[EXERCISE PROMPT] Make a verbatim copy of the entries below; pictures stay out.

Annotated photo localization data
═══

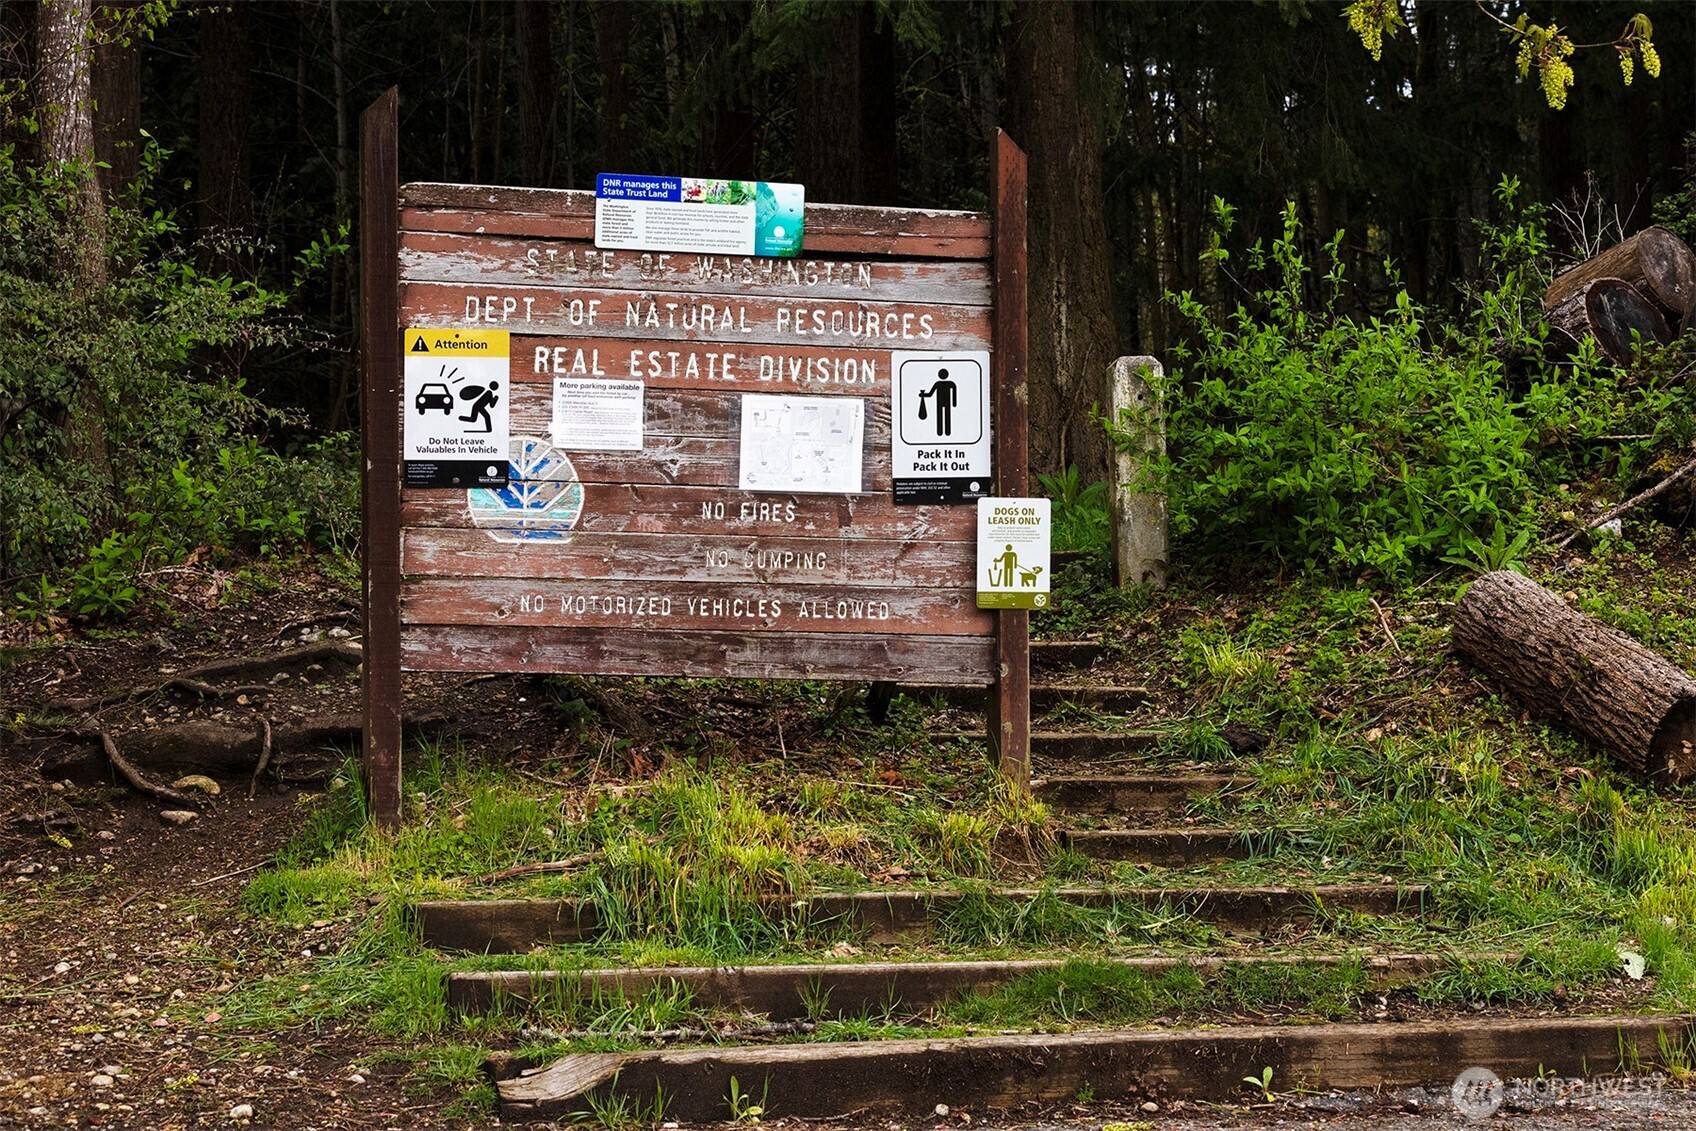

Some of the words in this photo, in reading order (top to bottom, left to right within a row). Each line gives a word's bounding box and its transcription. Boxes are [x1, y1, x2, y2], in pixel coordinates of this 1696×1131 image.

[623, 181, 659, 190] manages
[662, 182, 676, 190] this
[527, 248, 615, 278] STATE
[640, 253, 670, 280] OF
[697, 256, 872, 289] WASHINGTON
[466, 296, 545, 324] DEPT.
[570, 299, 602, 326] OF
[626, 301, 752, 333] NATURAL
[776, 308, 933, 339] RESOURCES
[434, 340, 488, 350] Attention
[534, 346, 605, 376] REAL
[630, 350, 736, 381] ESTATE
[760, 355, 876, 384] DIVISION
[918, 449, 940, 459] Pack
[945, 450, 952, 458] It
[956, 450, 965, 458] In
[913, 462, 937, 471] Pack
[940, 462, 948, 471] It
[951, 462, 970, 471] Out
[702, 501, 724, 520] NO
[740, 502, 796, 522] FIRES
[706, 550, 728, 568] NO
[744, 550, 827, 570] DUMPING
[520, 595, 544, 613] NO
[561, 595, 671, 615] MOTORIZED
[687, 598, 782, 618] VEHICLES
[799, 600, 890, 620] ALLOWED
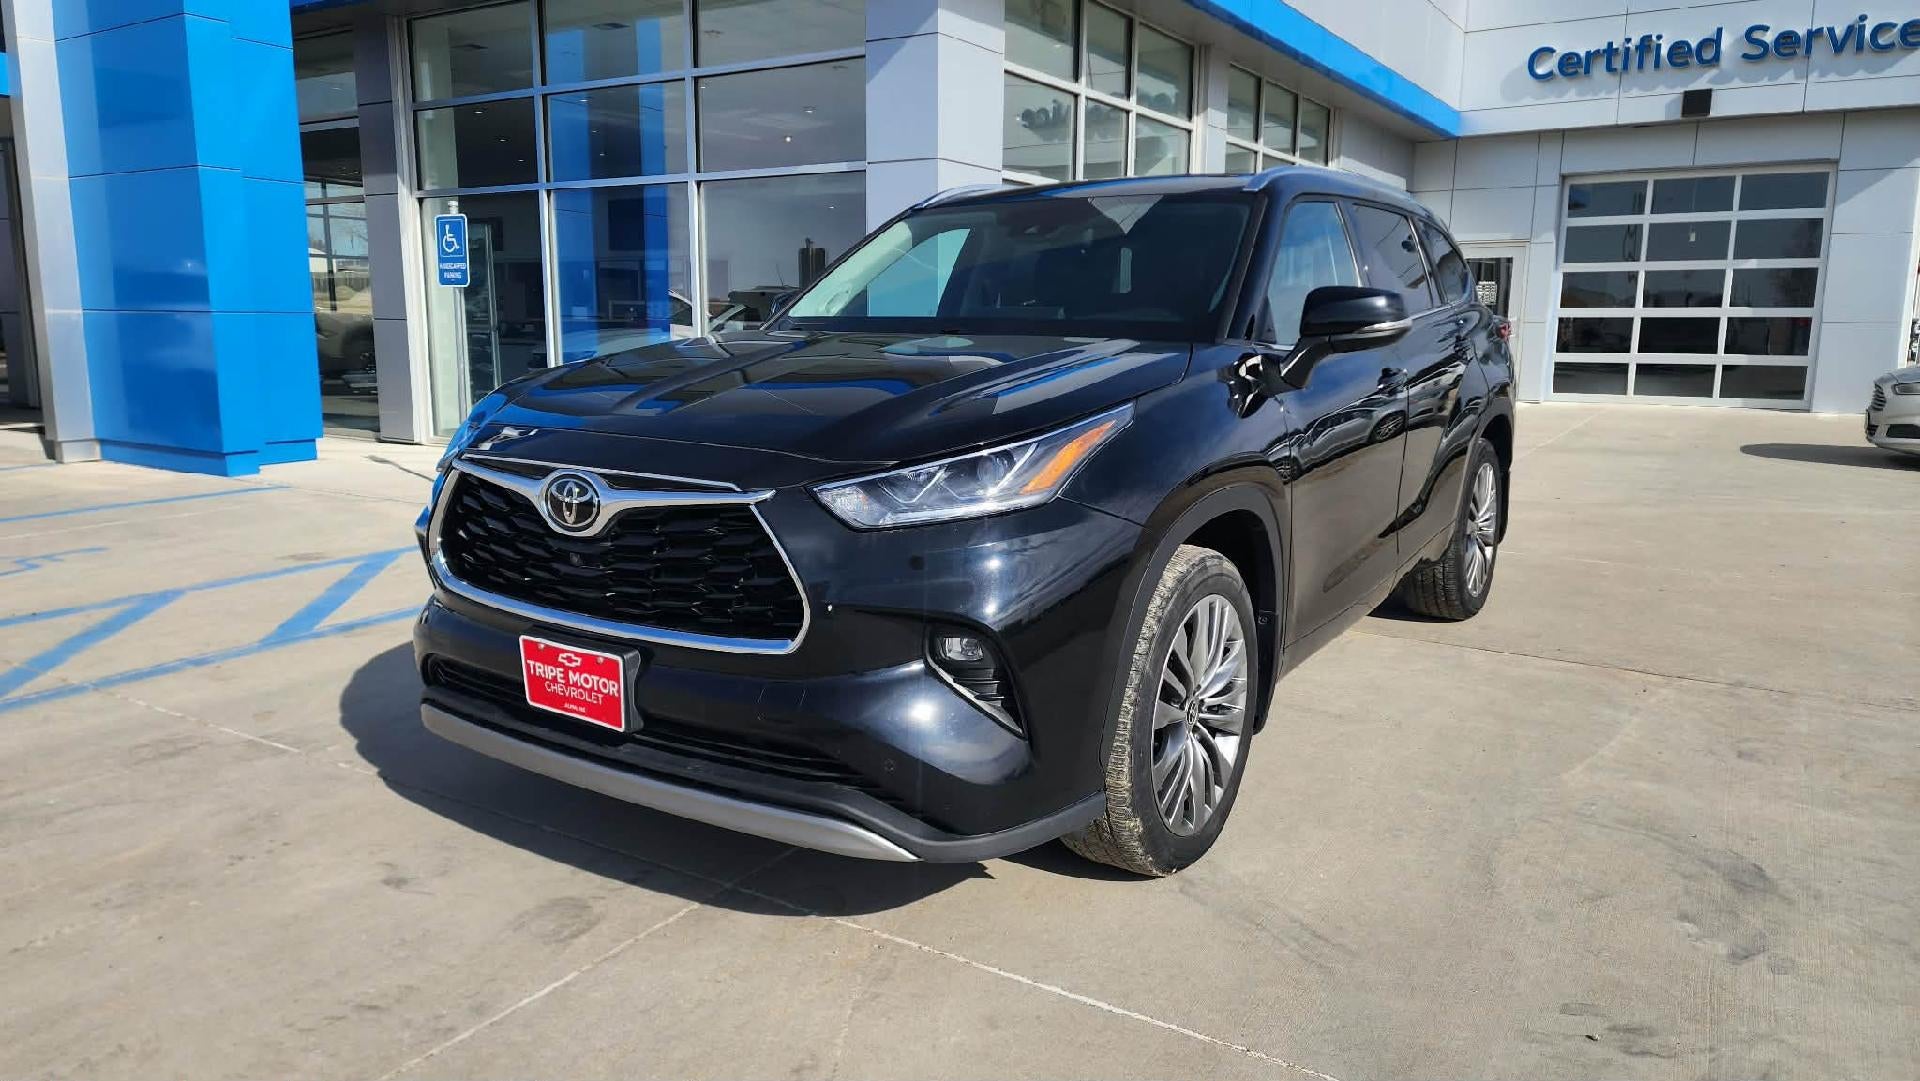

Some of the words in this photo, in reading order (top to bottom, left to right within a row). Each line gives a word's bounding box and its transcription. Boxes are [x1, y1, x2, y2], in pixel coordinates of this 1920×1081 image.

[1527, 27, 1723, 80] Certified
[1741, 14, 1920, 60] Service
[527, 660, 565, 683] TRIPE
[568, 670, 619, 697] MOTOR
[544, 681, 603, 704] CHEVROLET
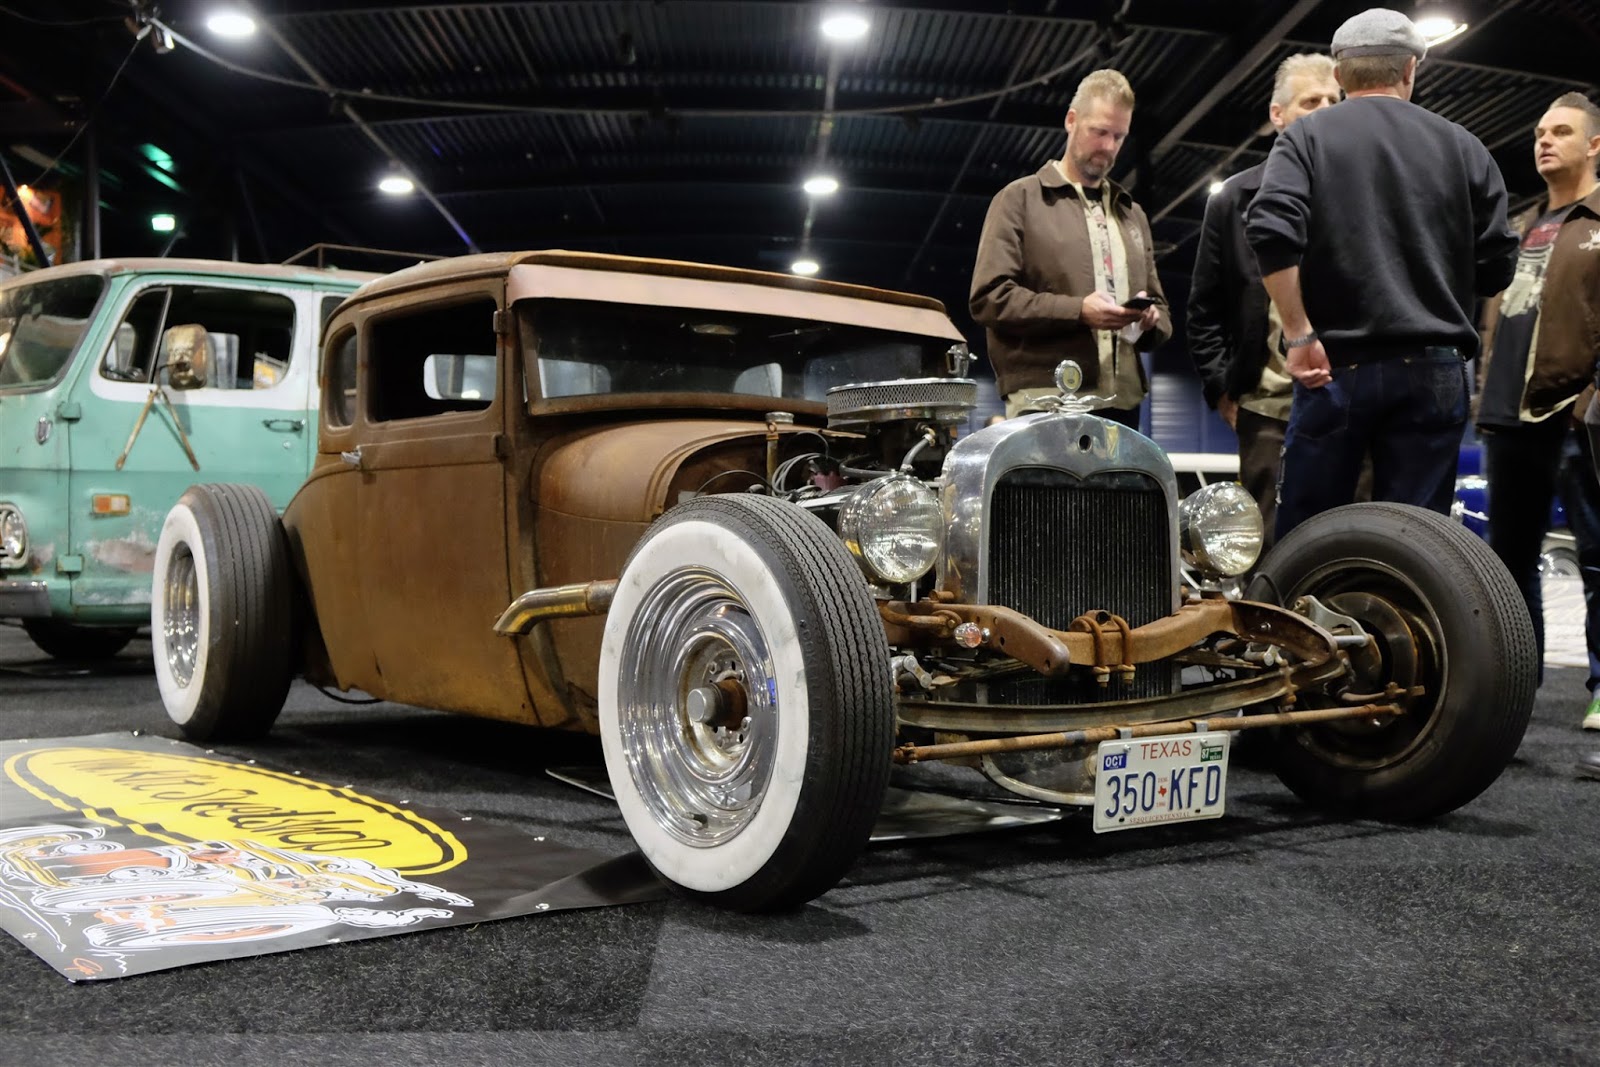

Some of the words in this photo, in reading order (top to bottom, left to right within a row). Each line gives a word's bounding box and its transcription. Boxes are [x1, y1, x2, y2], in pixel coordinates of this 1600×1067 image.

[1140, 739, 1192, 760] TEXAS
[1201, 748, 1210, 760] 87
[1105, 755, 1123, 768] OCT
[1105, 771, 1156, 818] 350
[1169, 765, 1221, 811] KFD
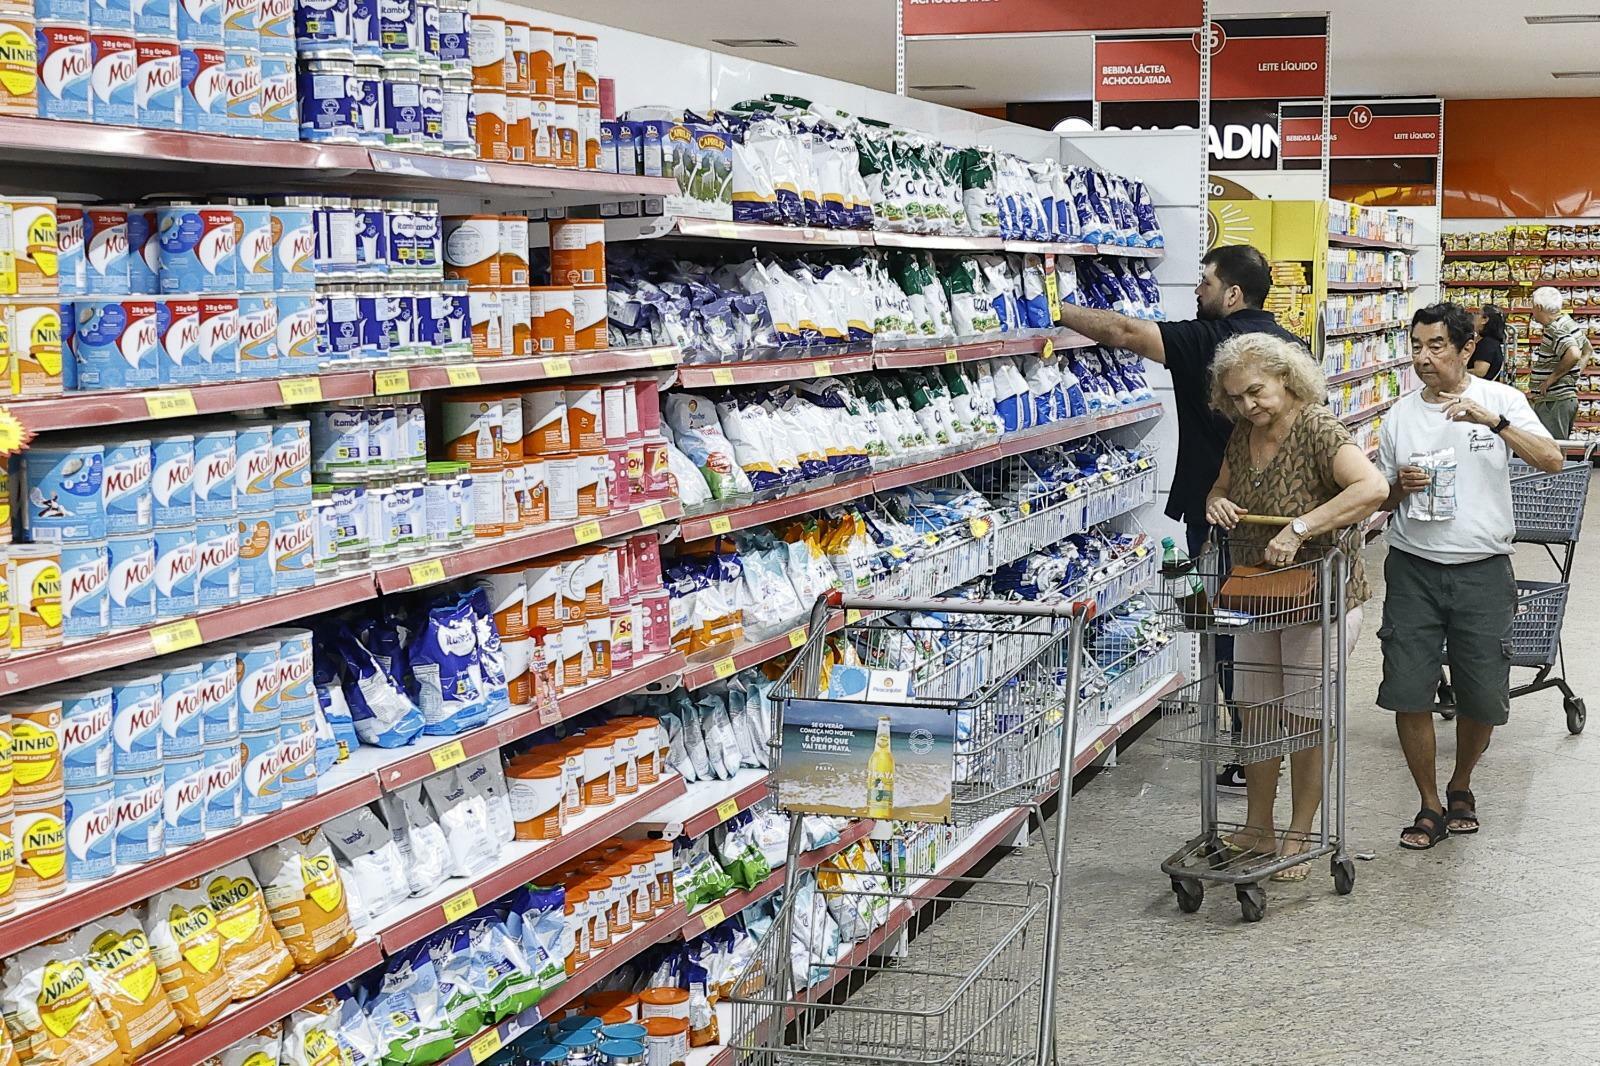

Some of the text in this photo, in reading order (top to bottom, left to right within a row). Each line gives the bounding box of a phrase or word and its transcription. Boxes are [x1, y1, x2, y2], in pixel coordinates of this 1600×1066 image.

═══

[ANSWER BELOW]
Some of the words in this photo, in reading order (top to bottom, left to right within a row). Each line gives a word's bounding box and its transcription. Boxes are [x1, y1, x2, y2], in pixel coordinates of this 1696×1131 image.

[623, 181, 659, 190] manages
[662, 182, 676, 190] this
[527, 248, 615, 278] STATE
[640, 253, 670, 280] OF
[697, 256, 872, 289] WASHINGTON
[466, 296, 545, 324] DEPT.
[570, 299, 602, 326] OF
[626, 301, 752, 333] NATURAL
[776, 308, 933, 339] RESOURCES
[434, 340, 488, 350] Attention
[534, 346, 605, 376] REAL
[630, 350, 736, 381] ESTATE
[760, 355, 876, 384] DIVISION
[918, 449, 940, 459] Pack
[945, 450, 952, 458] It
[956, 450, 965, 458] In
[913, 462, 937, 471] Pack
[940, 462, 948, 471] It
[951, 462, 970, 471] Out
[702, 501, 724, 520] NO
[740, 502, 796, 522] FIRES
[706, 550, 728, 568] NO
[744, 550, 827, 570] DUMPING
[520, 595, 544, 613] NO
[561, 595, 671, 615] MOTORIZED
[687, 598, 782, 618] VEHICLES
[799, 600, 890, 620] ALLOWED

Some of the words in this photo, in reading order (top to bottom, left to right within a row). Each line gives a word's bounding box and its transcription. Boxes are [x1, y1, x2, y2], in pixel coordinates of this 1920×1081 image.

[1527, 27, 1723, 80] Certified
[1741, 14, 1920, 60] Service
[527, 660, 565, 683] TRIPE
[568, 670, 619, 697] MOTOR
[544, 681, 603, 704] CHEVROLET

Some of the words in this photo, in reading order (top to bottom, left to right within a row). Each line gives a word's bounding box and its transcription. Boxes are [x1, y1, x2, y2], in pixel coordinates of this 1600×1067 image.

[1140, 739, 1192, 760] TEXAS
[1201, 748, 1210, 760] 87
[1105, 755, 1123, 768] OCT
[1105, 771, 1156, 818] 350
[1169, 765, 1221, 811] KFD

Some of the text in this photo, in reading order (top to bottom, left to right within a row). Each line gives the bounding box of a phrase or word and its transcription. Boxes are [x1, y1, x2, y2], in pixel coordinates of this 1600×1066 image.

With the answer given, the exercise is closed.